Here, we consider a few ways the White House or its allies could disrupt the special counsel probe.

1. Find a way to replace the attorney general

The idea: Since Attorney General Jeff Sessions recused himself from the Russia probe in March, he is not supervising special counsel Robert Mueller or his team. That means the buck stops with the deputy attorney general, Rod Rosenstein. Rosenstein told the House Judiciary Committee Dec. 13 he has seen no reason that would be "good cause" to remove the special counsel and that he has confidence in the investigation.

One way for the White House to shake up the probe is to find a way to replace the attorney general, who is recused, with someone who is not. That person could then exercise more control over the Russia investigation, including nixing some spending by the special counsel, refusing to sign off on interviews of key witnesses or requests for grand jury indictments — or even firing Mueller.
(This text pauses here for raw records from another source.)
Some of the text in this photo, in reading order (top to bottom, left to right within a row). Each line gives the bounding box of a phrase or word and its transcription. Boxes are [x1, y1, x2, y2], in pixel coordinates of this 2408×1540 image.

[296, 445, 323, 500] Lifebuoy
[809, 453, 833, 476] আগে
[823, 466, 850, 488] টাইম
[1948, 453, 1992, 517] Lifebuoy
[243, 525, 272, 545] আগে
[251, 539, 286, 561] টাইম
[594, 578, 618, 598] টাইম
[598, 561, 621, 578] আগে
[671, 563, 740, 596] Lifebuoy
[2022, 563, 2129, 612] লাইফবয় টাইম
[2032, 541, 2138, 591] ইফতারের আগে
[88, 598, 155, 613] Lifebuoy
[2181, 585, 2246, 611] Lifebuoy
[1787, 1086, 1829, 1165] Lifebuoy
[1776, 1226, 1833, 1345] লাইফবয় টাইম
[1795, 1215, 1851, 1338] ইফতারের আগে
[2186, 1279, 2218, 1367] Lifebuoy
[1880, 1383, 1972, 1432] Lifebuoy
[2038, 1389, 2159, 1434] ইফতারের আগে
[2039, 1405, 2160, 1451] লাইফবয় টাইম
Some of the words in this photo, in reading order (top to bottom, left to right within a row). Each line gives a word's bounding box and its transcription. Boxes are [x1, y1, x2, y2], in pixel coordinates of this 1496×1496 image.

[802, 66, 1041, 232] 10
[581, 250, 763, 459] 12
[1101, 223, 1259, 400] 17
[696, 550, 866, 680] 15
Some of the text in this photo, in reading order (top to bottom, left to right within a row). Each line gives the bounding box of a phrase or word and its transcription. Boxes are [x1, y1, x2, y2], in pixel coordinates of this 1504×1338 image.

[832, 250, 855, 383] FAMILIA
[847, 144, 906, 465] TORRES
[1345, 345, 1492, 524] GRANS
The problem: Sessions is having the time of his life at the Justice Department, and doesn't want to go anywhere. Earlier this year, he rebuffed efforts to mount a write-in campaign for his old Senate seat in Alabama, and another effort to get him to move over to the Department of Homeland Security.

2. Fire Justice Department officials who refuse to dismiss the special counsel, until you find one who will

The idea: This is otherwise known as the modern reboot of the "Saturday night massacre," an infamous 1973 episode in the Watergate scandal where Attorney General Elliot Richardson and Deputy AG William Ruckelshaus refused to remove the special prosecutor, and quit their posts in protest instead. Ultimately, then-Solicitor General Robert Bork agreed to get rid of the special prosecutor, Archibald Cox. Public outrage ensued, a new prosecutor was named and Nixon resigned the following year.

The problem: The current Deputy Attorney General, Rod Rosenstein, appeared to draw his own line in the sand in recent House testimony, telling lawmakers that special counsel Robert Mueller was among the best civil servants and law enforcement officials in modern history. The new FBI Director, Christopher Wray, is also a fan of Mueller's. And in a standoff during the George W. Bush presidency over surveillance measures the Justice Department balked at approving, Wray also volunteered to resign in protest along with a series of other senior DOJ officials. In other words, the specter of another mass resignation at the top of the Justice Department and the FBI would loom large.

3. Pressure the Justice Department to investigate the investigators

The idea: Led by Rep. Matt Gaetz, R-Fla., several GOP House members have demanded the Justice Department appoint another special counsel to investigate the FBI's handling of the Hillary Clinton email investigation during the 2016 presidential race, to look into allegations surrounding a uranium deal or to examine alleged conflicts of interest within the FBI and the Justice Department. The idea's won some support from Jay Sekulow, a lawyer for President Trump. Last month, Sessions told the House Judiciary Committee the possibility of appointing a special counsel was one of the approaches he'd instructed senior Justice Department prosecutors to consider and make recommendations about.

The problem: There are rules for triggering a special counsel appointment, including a need for evidence that a crime has been committed and that the Justice Department's thousands of existing prosecutors cannot handle it themselves because of some kind of conflict. When Rep. Jim Jordan, R-Ohio, pressed the attorney general about the matter in November, Sessions replied, "Looks like is not enough basis to appoint a special counsel."

And — one more problem — getting rid of Mueller, or the entire team, by re-writing regulations that govern the special counsel, wouldn't necessarily end the investigation. The FBI and existing U.S. Attorney's Offices might pick up the probe where Mueller leaves off: either by continuing to examine the counterintelligence aspects of Russian interference, or investigating conspiracy or other potential crimes by people inside Russia and the U.S.